“Bisogno” è una di quelle parole che sembrano avere un significato immediatamente chiaro; esso tuttavia si dissolve di fronte al primo tentativo di riflessione. Il termine bisogno si fonda infatti sul senso comune ed acquista colorazioni molto diverse a seconda del contesto e dell’epoca in cui è collocato. Di bisogno hanno parlato e parlano i riformatori sociali e gli imprenditori morali, ma di bisogno parlano anche tutte le imprese che producono beni e servizi.
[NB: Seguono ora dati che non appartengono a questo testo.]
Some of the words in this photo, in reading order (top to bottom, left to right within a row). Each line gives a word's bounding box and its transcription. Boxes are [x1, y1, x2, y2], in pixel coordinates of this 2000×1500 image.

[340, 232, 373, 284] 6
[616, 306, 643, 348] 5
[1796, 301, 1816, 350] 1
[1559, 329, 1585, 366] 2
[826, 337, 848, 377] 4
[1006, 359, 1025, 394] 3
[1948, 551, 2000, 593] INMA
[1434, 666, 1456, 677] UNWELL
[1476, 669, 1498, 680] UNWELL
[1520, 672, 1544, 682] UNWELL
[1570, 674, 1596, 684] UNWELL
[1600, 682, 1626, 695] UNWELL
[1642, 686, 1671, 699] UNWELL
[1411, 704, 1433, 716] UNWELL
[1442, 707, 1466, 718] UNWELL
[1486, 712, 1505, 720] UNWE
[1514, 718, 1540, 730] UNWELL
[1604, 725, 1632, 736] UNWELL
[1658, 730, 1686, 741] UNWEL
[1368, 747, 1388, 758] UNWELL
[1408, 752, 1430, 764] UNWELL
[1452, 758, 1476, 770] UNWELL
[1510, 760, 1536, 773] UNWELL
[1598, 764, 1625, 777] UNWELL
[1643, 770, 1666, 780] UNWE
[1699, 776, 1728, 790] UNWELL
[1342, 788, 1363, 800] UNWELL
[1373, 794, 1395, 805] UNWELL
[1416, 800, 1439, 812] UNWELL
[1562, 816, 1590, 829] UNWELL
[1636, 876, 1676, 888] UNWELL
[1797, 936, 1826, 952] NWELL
Di bisogno parlano i professionisti della salute e del benessere, i politici e i media, gli utenti dei servizi e i cittadini.
Di fronte a questo uso indiscriminato sembrano però mancare riflessioni aggiornate, sistematiche ed approfondite capaci di problematizzare il tema dell’analisi dei bisogni e di chiarire il concetto stesso di bisogno. Per alcuni il bisogno può essere definito come una condizione il cui soddisfacimento crea le premesse per una vita dignitosa senza arrecare danno permanente alla persona e consentendo lo sviluppo delle potenzialità umane; per altri il bisogno è semplicemente una mancanza oppure una pulsione interna che spinge all’azione. Di sicuro il bisogno è qualcosa che accomuna gli esseri umani e ne permette in qualche modo l’auto-riconoscimento. In che modo dunque affrontare un tema così complesso e controverso? Su quali basi impostare una corretta analisi dei bisogni?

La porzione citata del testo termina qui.